“I talked to him from the hospital to the track,” Massa said after the pair were cleared following precautionary checks. “I was so disappointed with him. He needs to learn and I wanted him to be in my position, because I had a huge crash and I wanted him to be on my page to see if he learns. It’s not the first time he turned on someone under braking. It’s not the first time, he’s done it many times. He said nothing, he just turned and he laughed.”
He added: “Honestly, I thought it was going to hurt. The impact was very strong so I’m really happy that nothing happened.”
Massa believes the stewards should have come down harder on Perez, who will start five grid positions down from wherever he qualifies in Austria.
“They have rules for every accident and the positions, I don’t know how it works. But for me it’s not enough. What can I say? We were doing 300km/h, and if you do that on 300km/h and you have another car in front it could be a very serious accident. It’s dangerous, you know.

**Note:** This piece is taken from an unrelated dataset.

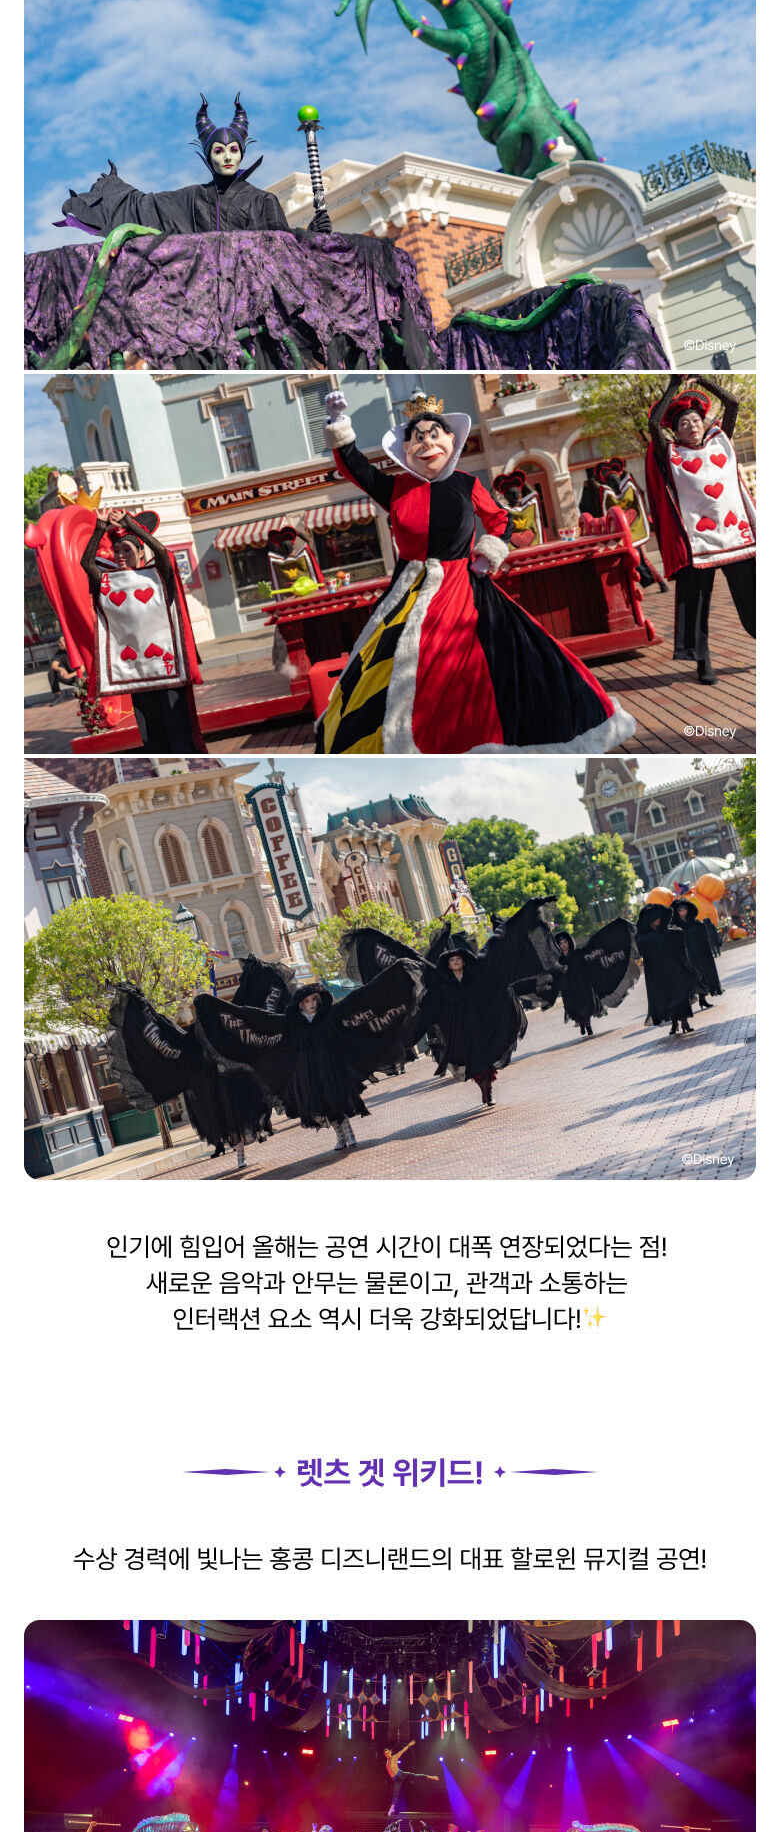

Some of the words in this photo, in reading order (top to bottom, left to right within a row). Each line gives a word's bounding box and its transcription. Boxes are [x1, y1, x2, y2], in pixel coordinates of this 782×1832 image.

[207, 489, 254, 508] MAIN
[258, 472, 329, 496] STREET
[260, 797, 303, 909] COFFEE

For me five places is not enough, but he was dangerous because [Sebastian] Vettel was in front, so it could have been worse.”
Massa denied it was a risky manoeuvre on his part: “I had the DRS and I managed to put the car on the inside, he had no tyres left and I was going to brake on his inside and pass him easy. I think it was not a risk, I think it was an opportunity after Sebastian had passed him. Ricciardo took the risk to pass him [at the same corner] and he won the race, so it was not anything crazy. I just put it up the inside and if he braked later than me that would have been fine and I’d have stayed behind.”
Perez claims that Massa turned into him. He also claims that Force India should have retired his car after the reliability issues that slowed down his car surfaced. Talk about CHUTZPAH!